LA RICONCILIAZIONE DI FRETEVAL, 22 luglio 1170

   Il Vescovo di Nevers e l’Arcivescovo di Rouen ritornano a Sens presso Tommaso Becket esiliato dopo aver ottenuto da Enrico II l’assicurazione che egli avrebbe reso all’Arcivescovo di Canterbury la sua benevolenza e la sua pace conformemente ai termini fissati a Montmartre. Il Re stabilisce l’incontro con i legati al 20 luglio, in prossimità del Castello di Freteval en Dunois (Orleanais), dove con questi mediatori, ai quali si è aggiunto l’Arcivescovo di Sens, Enrico II fissa al 22 luglio la data per incontrarsi con il primate Tommaso Becket. Benché in precedenza il bacio di pace gli fosse stato sempre negato, su cauzione di Guglielmo di Sens che si offre garante della sincerità del Re d’Inghilterra, l’Arcivescovo di Canterbury accetta il compromesso. Nel giorno stabilito, in presenza di una grande moltitudine, il re avanza per primo verso il primate; essi si scambiano molti segni di riconciliazione e di amicizia e cavalcano per qualche tempo in disparte, intrattenendosi a parlare della dignità dalla Chiesa di Canterbury e dei suoi privilegi ultimamente violati dalla recente coronazione. Enrico II promette una degna riparazione, promettendo il rinnovo solenne del rito per opera dell’Arcivescovo di Canterbury nell’incoronazione del giovane Re congiuntamente con la sua sposa Margarita di Francia. Il primate allora si umilia ai piedi del Re, che a sua volta scende da cavallo. Ritornati poi in mezzo alla folla entusiasta, Enrico II rende a Tommaso Becket la sua pace, offre la sicurezza per la Chiesa di Canterbury di fruire dei suoi possedimenti, nello stato il più favorevole in cui lui li aveva tenuti al principio del suo pontificato e gli promette la restituzione dei diritti della sede primaziale. Egli si separa dall’arcivescovo dopo avere domandato ed ottenuto la sua benedizione.

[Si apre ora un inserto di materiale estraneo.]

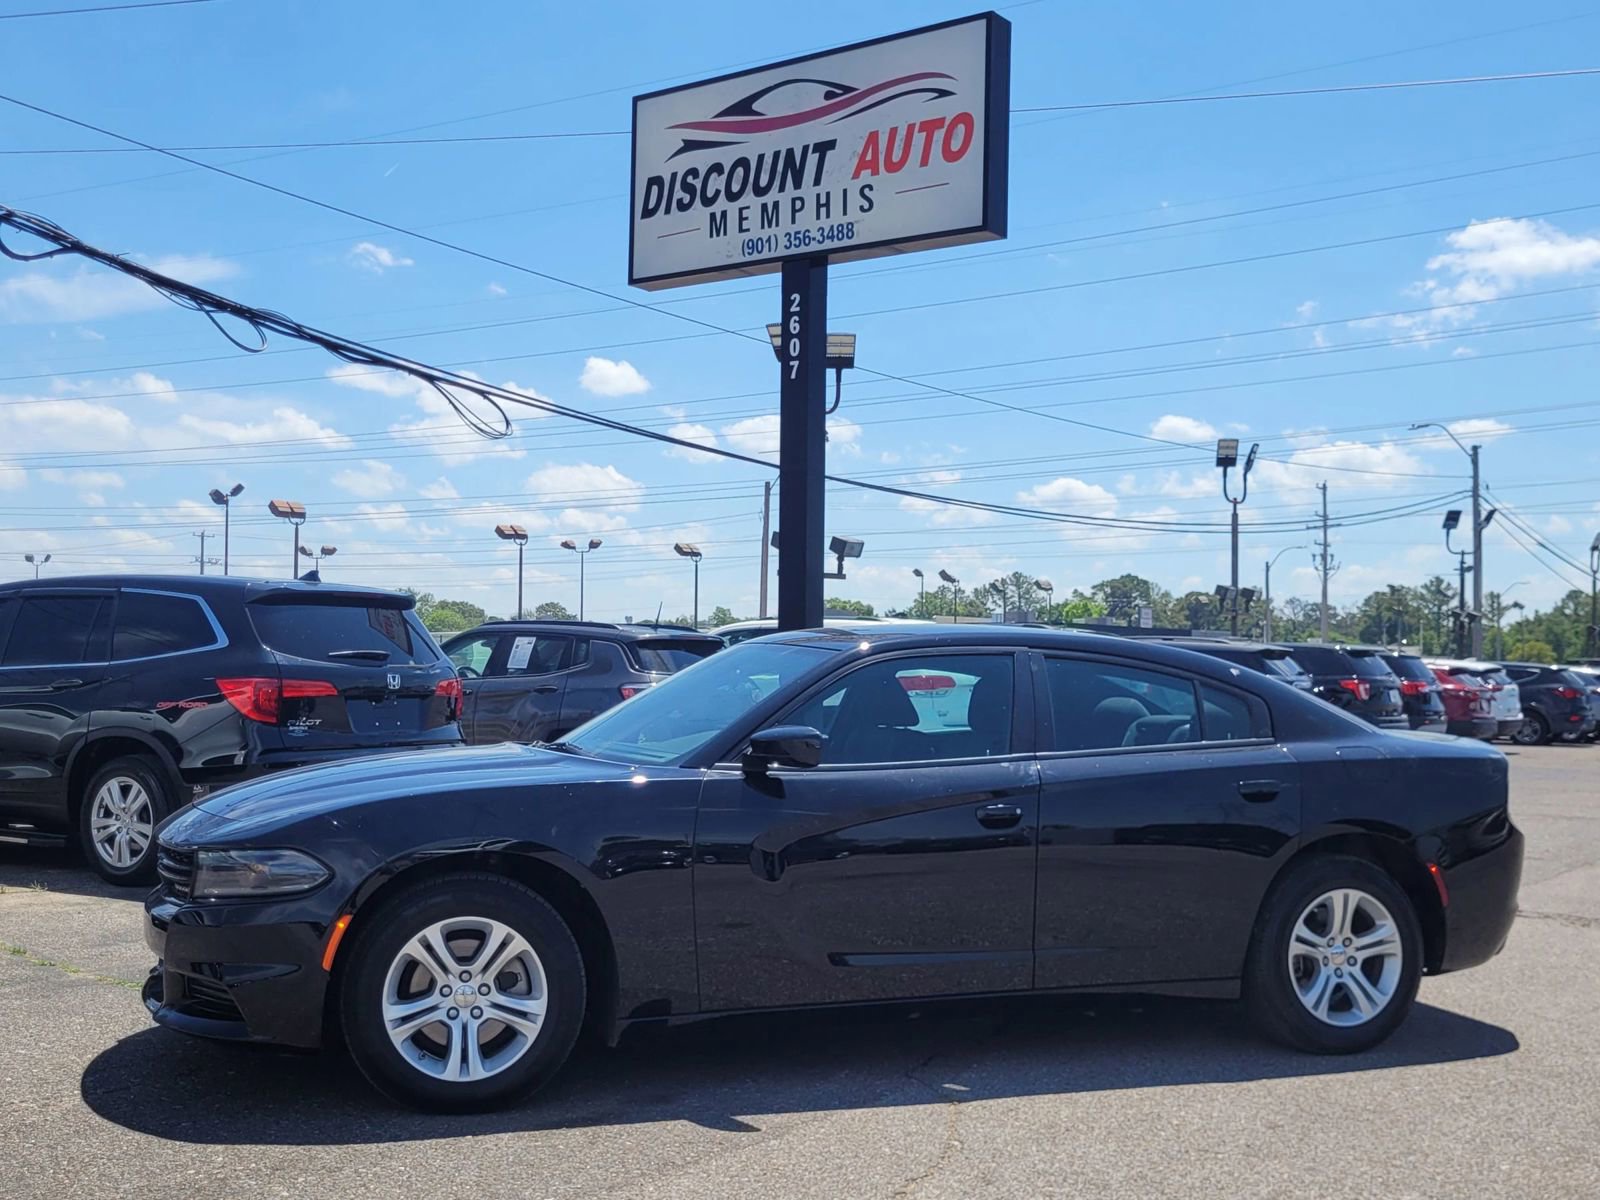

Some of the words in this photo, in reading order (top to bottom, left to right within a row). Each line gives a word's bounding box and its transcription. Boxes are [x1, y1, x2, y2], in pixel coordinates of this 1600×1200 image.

[640, 138, 838, 220] DISCOUNT
[851, 111, 975, 181] AUTO
[709, 183, 875, 239] MEMPHIS
[741, 234, 779, 258] (901)
[783, 221, 856, 251] 356-3488
[789, 293, 801, 380] 2607
[287, 717, 323, 726] PILOT

   ROTTURA DELLA PACE DI FRETEVAL

   Di fatto la pace di Freteval non apporta a Tommaso Becket alcuna delle garanzie per quello che egli è in diritto di esigere: né la previa restituzione di qualcuno almeno dei possedimenti della sua Chiesa, né il bacio della pace, sigillo di una riconciliazione sincera e testimonianza di sicurezza. Non è meno grave il fatto che le due parti si mettono in uno stato di diffidenza, mantenendo le loro rispettive posizioni di distanza. Resta aperta la contesa sulle “costumanze” del Regno chiaramente determinate a Clarendon. Il Re resta deciso, se non ad imporle, per lo meno a garantire l’onore per la corona del regno. Il primate è deciso a difendere l’onore di Dio e della sua dignità. In queste condizioni l’esecuzione delle clausole della pace sta per suscitare le più gravi difficoltà.

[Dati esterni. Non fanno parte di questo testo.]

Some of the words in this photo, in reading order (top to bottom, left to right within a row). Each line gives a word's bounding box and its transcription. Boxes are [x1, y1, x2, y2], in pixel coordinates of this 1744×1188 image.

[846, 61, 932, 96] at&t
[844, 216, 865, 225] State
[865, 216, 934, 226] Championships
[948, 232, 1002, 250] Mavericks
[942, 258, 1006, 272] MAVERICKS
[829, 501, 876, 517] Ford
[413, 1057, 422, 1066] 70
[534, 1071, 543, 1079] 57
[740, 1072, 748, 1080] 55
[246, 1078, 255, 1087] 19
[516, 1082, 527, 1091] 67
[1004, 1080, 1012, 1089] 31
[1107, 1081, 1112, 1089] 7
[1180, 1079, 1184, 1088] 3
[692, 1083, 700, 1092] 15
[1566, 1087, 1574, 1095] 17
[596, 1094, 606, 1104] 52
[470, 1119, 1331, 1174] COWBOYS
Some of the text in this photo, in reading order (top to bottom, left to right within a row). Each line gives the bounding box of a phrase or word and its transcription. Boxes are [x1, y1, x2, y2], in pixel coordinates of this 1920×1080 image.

   Il Re, a Freteval, aveva mostrato qualche segno di benevolenza nei riguardi di Tommaso Becket, poi egli rapidamente è ricaduto sotto l’influenza dei consiglieri più facinorosi attaccati alla lettera alle Costituzioni di Clarendon, soprattutto per le più ostili al primate. Questa influenza si esercita più direttamente ancora sul figlio suo, Enrico il giovane, allora luogotenente generale del Regno d’Inghilterra. Così accade che Erberto di Baham, delegato da Tommaso Becket per riprendere i possedimenti del patrimonio della Chiesa, si scontra contro la evidente cattiva volontà degli ufficiali del Re.

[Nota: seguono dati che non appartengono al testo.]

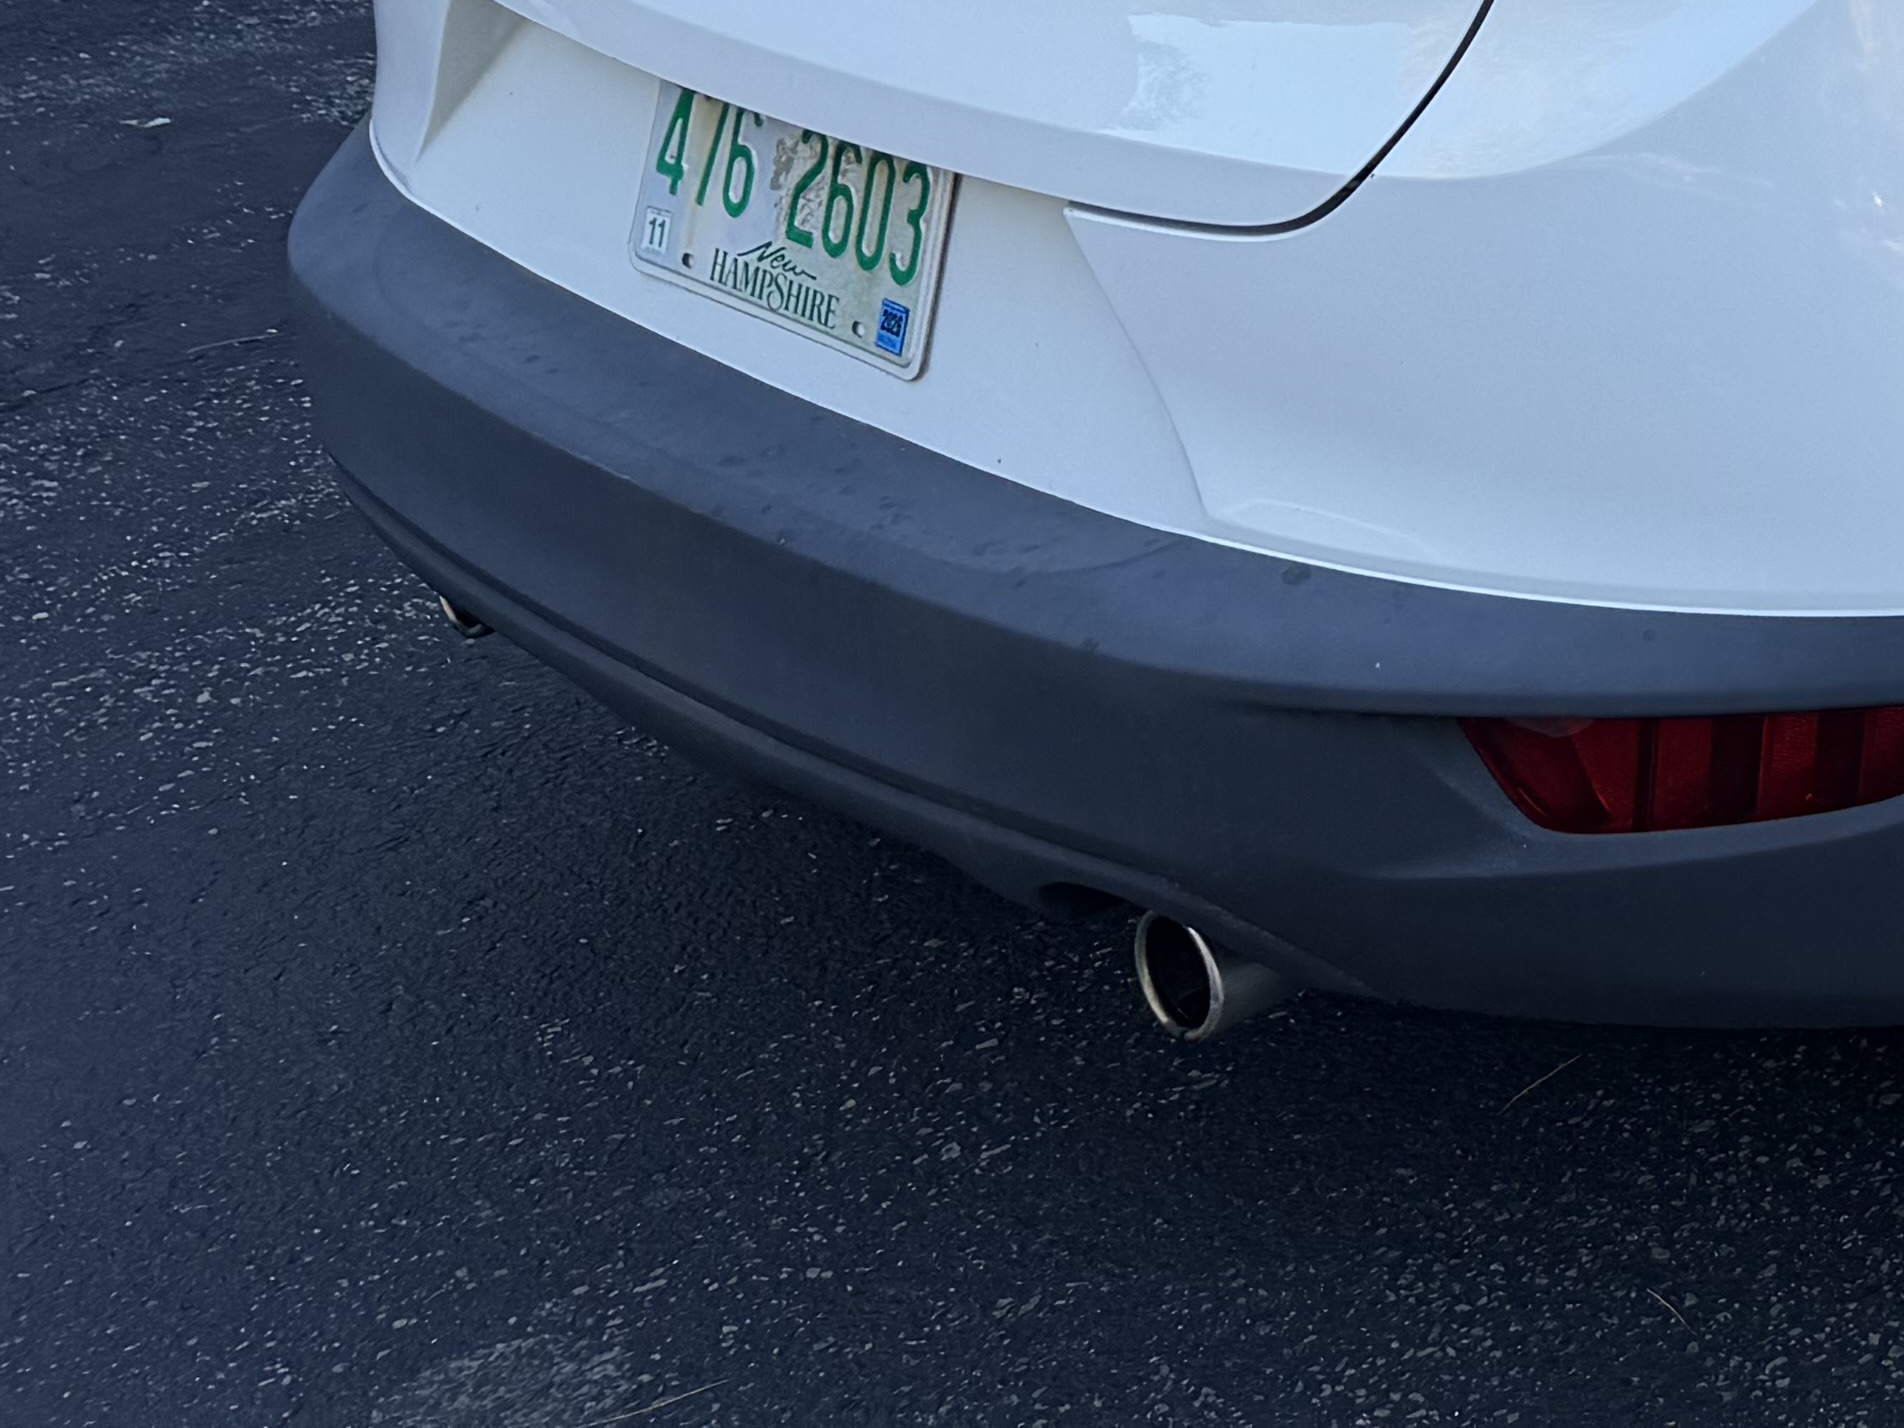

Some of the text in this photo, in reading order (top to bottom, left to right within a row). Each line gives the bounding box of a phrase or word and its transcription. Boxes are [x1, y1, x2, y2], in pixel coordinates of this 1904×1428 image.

[785, 128, 931, 286] 2603
[709, 247, 840, 331] HAMPSHIRE
[737, 240, 817, 281] New

   Le rendite dell’Archidiocesi di Canterbury erano poste sotto sequestro fino alla prossima festa di Natale. L’Arcivescovo di York ed il vescovo di Londra temono le censure del legato al suo ritorno in Inghilterra, non cessano di fare intrighi presso Enrico II affinché imponga a Tommaso, arcivescovo di Canterbury, il rispetto delle costituzioni di Clarendon. Le sanzioni si erano attirate con l’incoronazione del 14 giugno, ed essi cercano di favorire, con le elezioni conformi all’articolo XII delle stesse costituzioni, la promozione delle nomine di vescovi docili al potere del re, per riempire il vuoto che la morte, durante i sei anni d’esilio del presule Tommaso, aveva causato in mezzo ai suoi suffraganei.

   Di fronte a tanti ostacoli accumulati per i raggiri mossi dal re e dal suo clero devoto, l’arcivescovo Tommaso sollecita ed ottiene da Alessandro III altri nuovi poteri molto estesi: la conferma esplicita delle prerogative della sede primaziale di Canterbury, abolendo le usurpazioni fatte dal metropolitano di York; il rinnovo per l’avvenire del mandato in Inghilterra di quanto riconosciutogli e datogli in precedenza; nuovi poteri straordinari di censura dai quali, però,  erano esclusi soltanto il re, la sua consorte e suoi figli. Il Papa gli aveva inviato alcune Bolle che colpivano di sospensione dagli incarichi Ruggero di York e i vescovi colpevoli di aver prestato il loro consenso nella incoronazione di Enrico il giovane e di aver giurato di voler osservare le costumanze del regno per le chiese. Gilberto di Londra e a Jocelin di Salisbury, che erano stati assolti sotto condizione, da una sentenza anteriore di scomunica, sarebbero ricaduti sotto l’anatema.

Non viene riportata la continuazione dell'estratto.